I just opened a PR with an implementation of option 2 (raise ValidationError).

By just removing the if data is not None: test, we get an error saying 'Invalid input type.' which is consistent with other wrong types. See this test:

@pytest.mark.parametrize('data', [True, False, 42, None, []])
def test_deserialize_raises_exception_if_input_type_is_incorrect(data):
    class MySchema(Schema):
        foo = fields.Field()
        bar = fields.Field()
    with pytest.raises(ValidationError) as excinfo:
        MySchema().load(data)
    assert 'Invalid input type.' in str(excinfo)
    exc = excinfo.value
    assert exc.field_names == ['_schema']
    assert exc.fields == []

@sloria, do you think we need a specific {'_schema': 'No data provided'} message?


On second thought, I was wrong about symmetry and dump(load(stuff)) == stuff.

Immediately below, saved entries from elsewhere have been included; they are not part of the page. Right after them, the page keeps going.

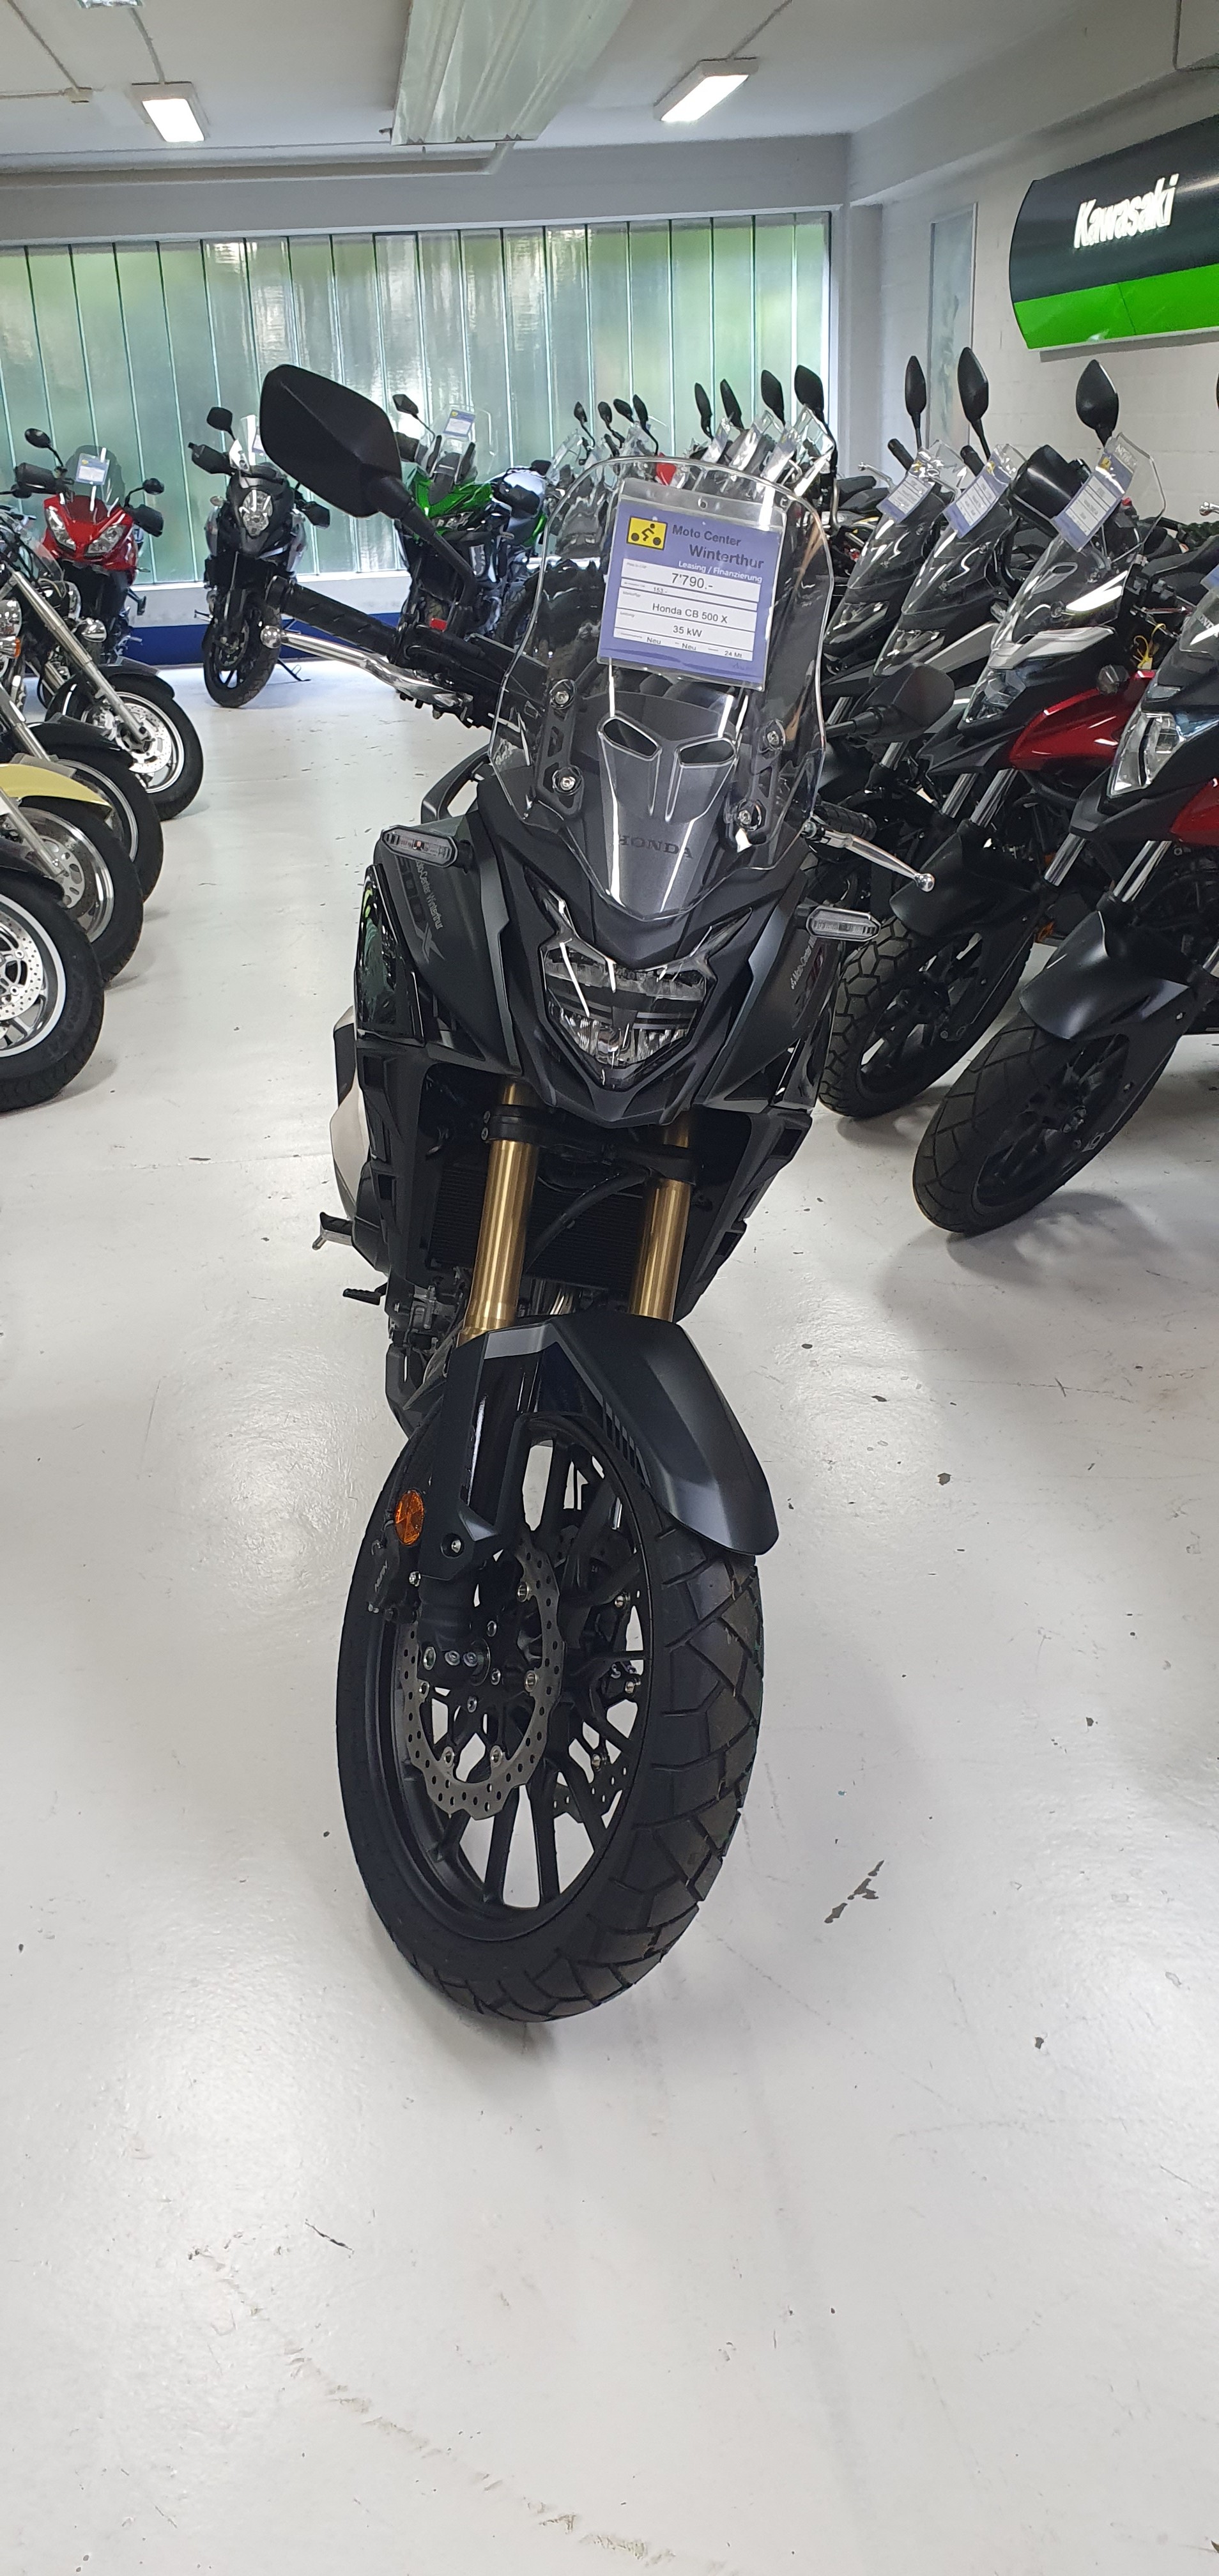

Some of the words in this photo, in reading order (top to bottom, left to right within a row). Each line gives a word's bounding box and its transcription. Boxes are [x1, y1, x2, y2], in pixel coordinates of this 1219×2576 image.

[1073, 173, 1179, 249] Kawasaki
[672, 525, 700, 539] Moto
[704, 531, 741, 546] Center
[689, 544, 764, 569] Winterthur
[671, 572, 714, 590] 7'790.-
[678, 560, 707, 573] Leasing
[713, 567, 763, 584] Finanzierung
[652, 602, 682, 615] Honda
[685, 609, 699, 618] CB
[702, 612, 719, 622] 500
[721, 615, 728, 624] X
[647, 636, 661, 645] Neu
[673, 625, 684, 634] 35
[687, 627, 702, 638] kW
[618, 834, 693, 859] HONDA

As is, it makes no sense, what I meant was more like

MyObject(**load(dump(input_obj)) == input_obj

and I don't think there's a way to achieve this in all cases.

dump expects an object. None is an object like the others and if we create an exception for None (raise ValidationError rather than return {}), why not an exception for ints, floats, etc? dump must return an empty dict if the attributes can't be found, regardless of the type of the input object. load returns an empty dict if provided an empty dict.

An object can be instantiated from the load of the dump of its own data only if the schema loads all necessary data and it the object class knows how to create it with this data.